Most often than not, real estate investors scorn the idea of creating a business plan — an outlined presentation on how an investor plans to purchase a specific home and earn a good ROI. Again, most investors just want to buy / sell / rent properties and much a bunch of money — that’s the plan! Investors don’t tend to think of themselves as white collar pencil pushers. If they feel the property is a GOOD investment, that’s good enough for them.

 

This is a false image that most people have of investors. In today’s world, the most prosperous investors, however, do the math. They will crunch the numbers. If those numbers don’t work, they will kill that deal. Bottom line, always do your homework!

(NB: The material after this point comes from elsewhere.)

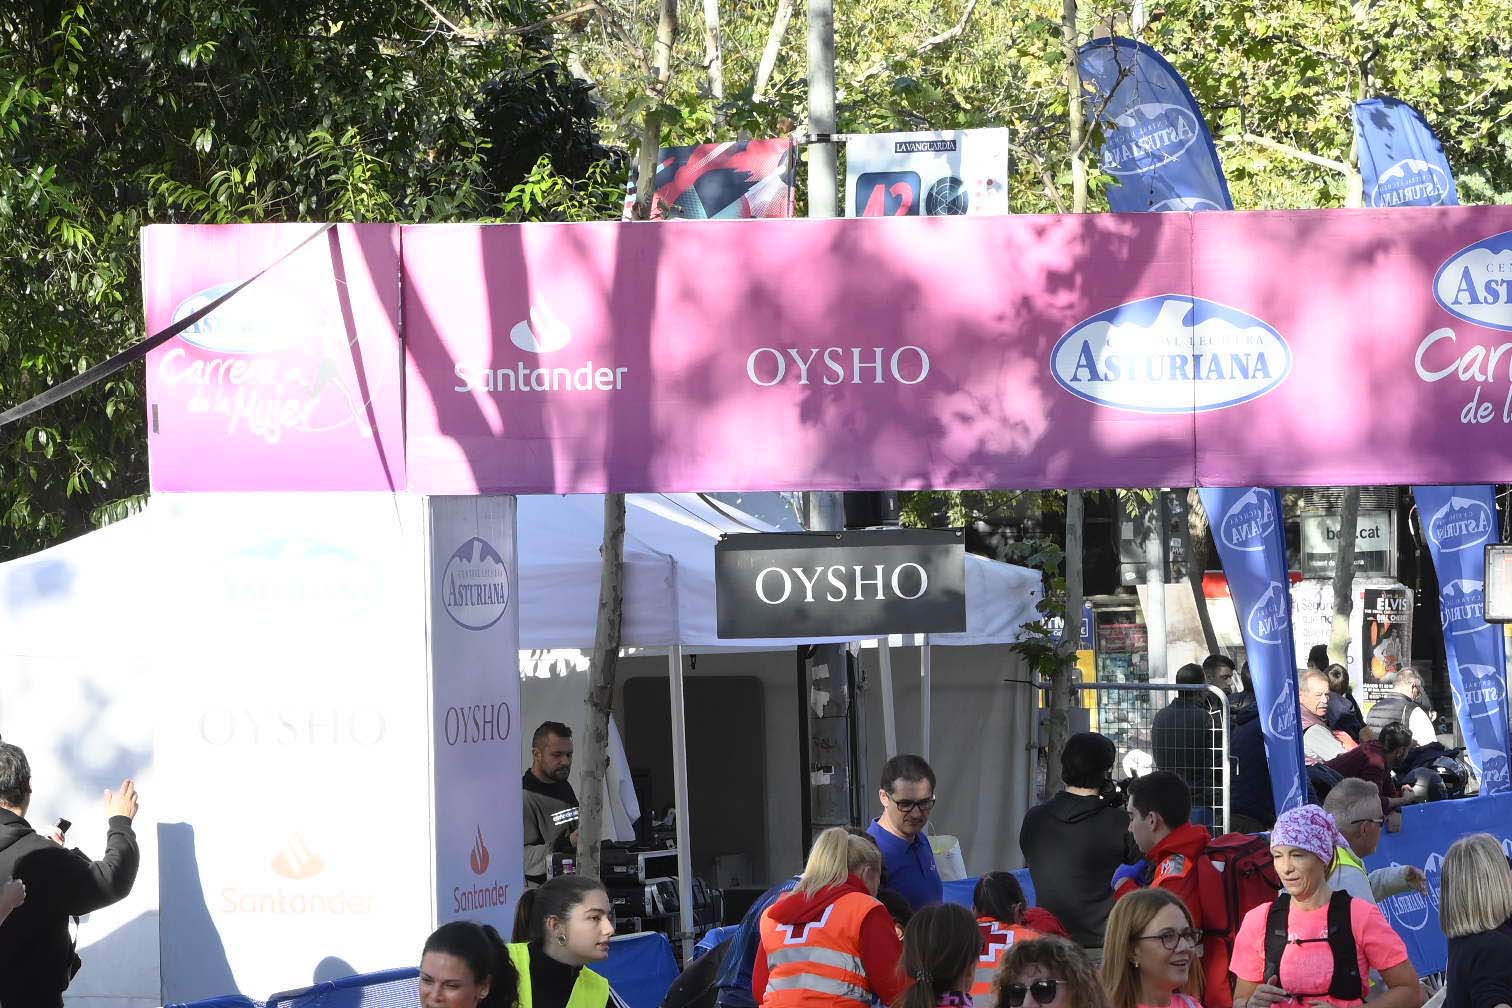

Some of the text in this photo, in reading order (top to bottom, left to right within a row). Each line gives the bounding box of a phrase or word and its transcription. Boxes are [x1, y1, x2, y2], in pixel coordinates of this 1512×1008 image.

Covering Your Assets from Investment Risks

 

The silly thing about lenders — when you borrow money from us, we expect you to pay us back. To make sure this happens, we typically require that you sign a promissory note and a mortgage or deed of trust. A promissory note is your personal promise to repay the loan in full. The deed of trust or mortgage names certain property as collateral for the loan.

 

If for whatever reason you cannot pay back the loan (default), the lender has the right to foreclose (sell property at auction to highest bidder). If the lender cannot sell the property for as much as you owe, they may be able to sue for the difference.

As all smart investors know, you want to limit the amount of personal assets that the lender has the right to seize for defaulting. For example, if you don’t make the payments on a loan on an investment property you want to make sure that the lender can’t take the home you are currently living in. You also want to shield yourself from taking your other assets such as businesses you own, or other assets, such as your vehicle.


Understanding Why You Need to Protect Your Personal Assets

 

When you become an investor, you are now a small biz owner, but you are also an individual who may have a spouse and a family to support. You more than likely have a home, a vehicle, a few bank accounts, one or more retirement accounts and other valuables you’ve worked very hard to acquire. Now you want to build even MORE wealth from investing in real-estate, you’re willing to take some risks but are you able to live with losing everything you have now?

 

The correct answer should be, “no”. You should never risk everything that you own to invest in real estate. Why? Here are two good reasons:

 

  • You should never want to or have to risk everything you own. You can always protect most or all of your assets from risk by obtaining an LLC.
  • If your investment flops, you can recover much more quickly and even pursue future investments by holding on to more of your current assets.

With any investment’s’ you should limit your exposure (both financially and emotionally) to the individual deal. This is because you are investing both your time, skills and maybe some of your own funds. Furthermore, you’re the one who is taking on the burden of managing the investment, dealing with issues, and worrying about whether your project is going to turn an ROI. The lender is the one putting up all the funds for your project, so let us take the financial risk!